What the exercise asks:
Word for word, reproduce each line of the data below, omitting every image.

Referring expression grounding data
_ _ _ _

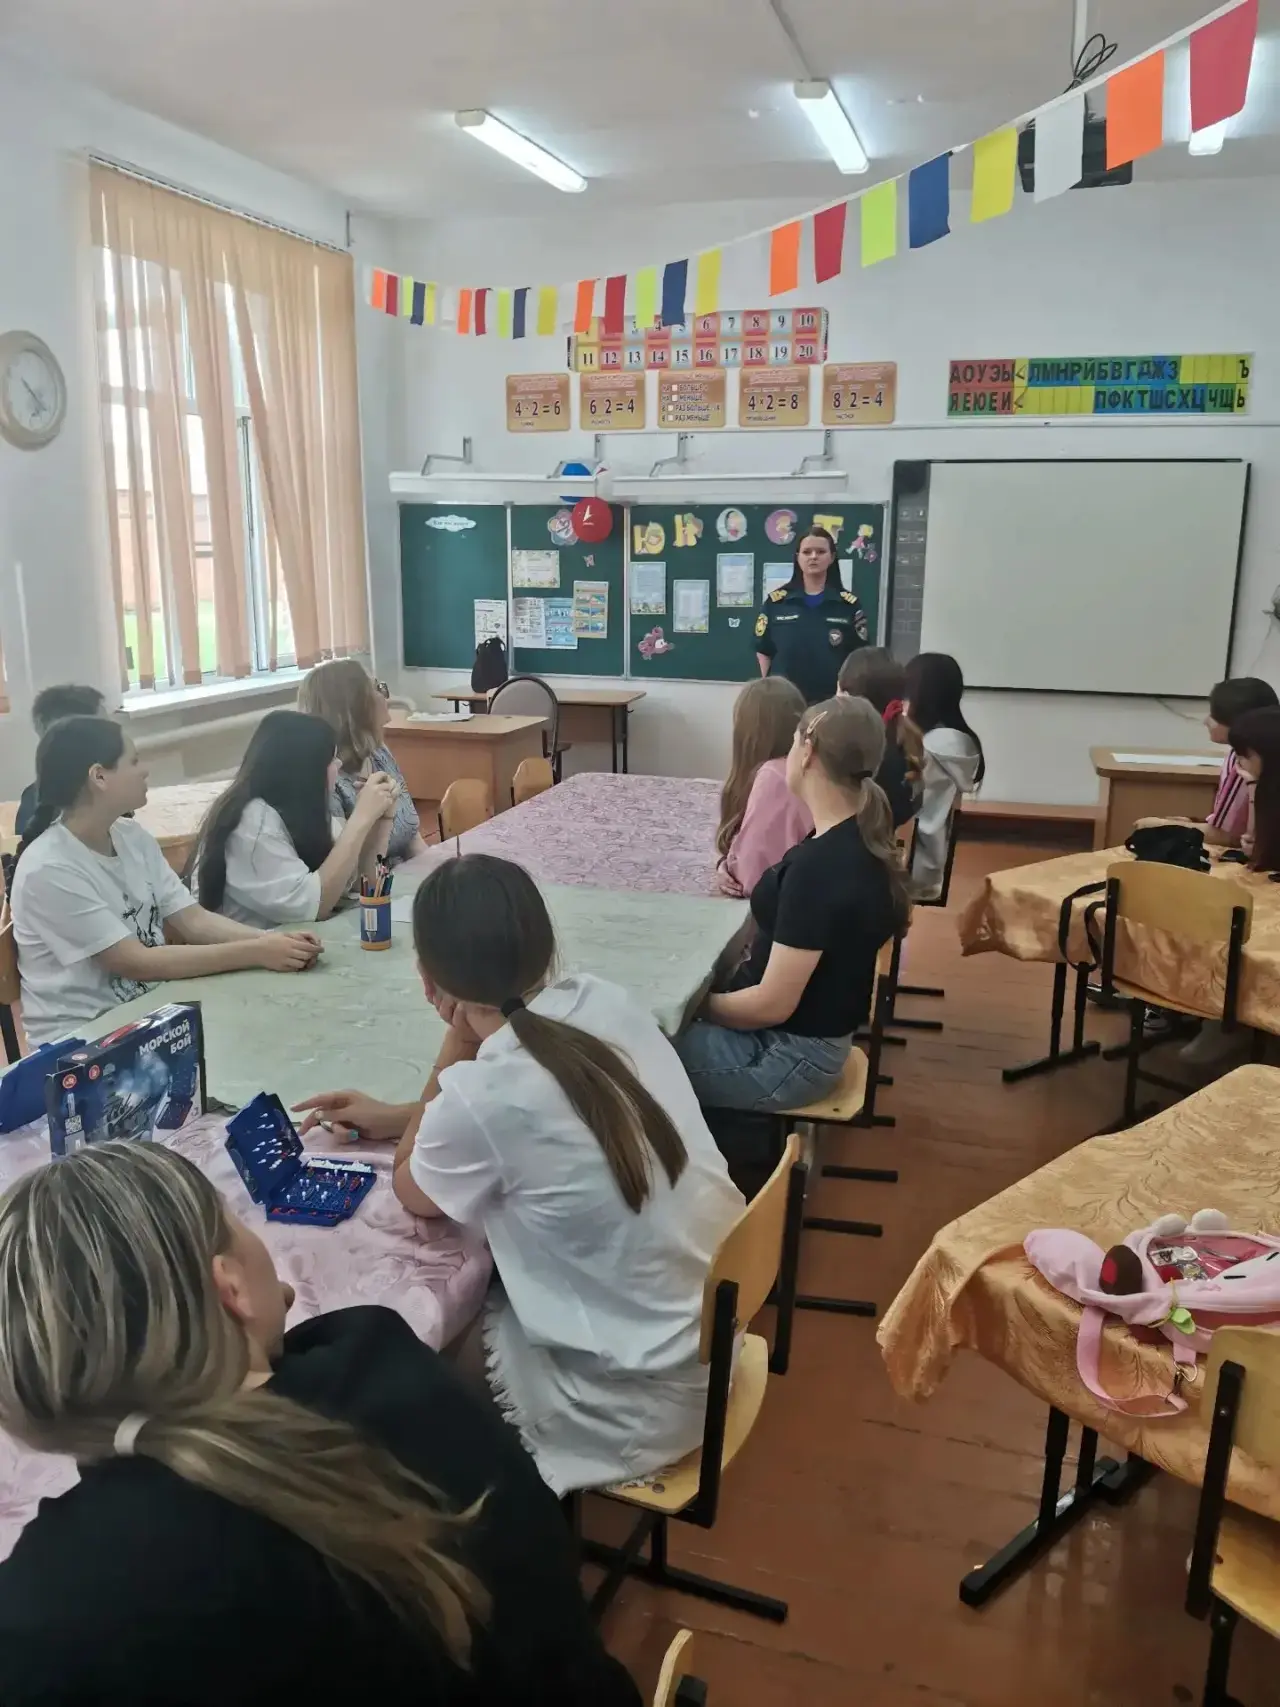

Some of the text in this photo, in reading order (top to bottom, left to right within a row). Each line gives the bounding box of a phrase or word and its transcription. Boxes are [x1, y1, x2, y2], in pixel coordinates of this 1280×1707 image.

[703, 318, 710, 330] 6
[728, 316, 735, 328] 7
[752, 315, 760, 328] 8
[778, 315, 785, 328] 9
[801, 313, 814, 326] 10
[583, 345, 813, 365] 11 12 13 14 15 16 17 18 19 20
[766, 394, 774, 410] 2
[790, 394, 798, 410] 8
[833, 392, 841, 408] 8
[849, 392, 857, 408] 2
[874, 391, 882, 407] 4
[139, 1018, 190, 1056] МОРСКОЙ
[170, 1033, 191, 1054] БОЙ

_ _ _ _

Answer section:
Some of the text in this photo, in reading order (top to bottom, left to right within a row). Each line gives the bounding box of a phrase or word and its transcription. Boxes are [x1, y1, x2, y2], in pixel coordinates of this 1280×1707 image.

[703, 318, 710, 330] 6
[728, 316, 735, 328] 7
[752, 315, 760, 328] 8
[778, 315, 785, 328] 9
[801, 313, 814, 326] 10
[583, 345, 813, 365] 11 12 13 14 15 16 17 18 19 20
[766, 394, 774, 410] 2
[790, 394, 798, 410] 8
[833, 392, 841, 408] 8
[849, 392, 857, 408] 2
[874, 391, 882, 407] 4
[139, 1018, 190, 1056] МОРСКОЙ
[170, 1033, 191, 1054] БОЙ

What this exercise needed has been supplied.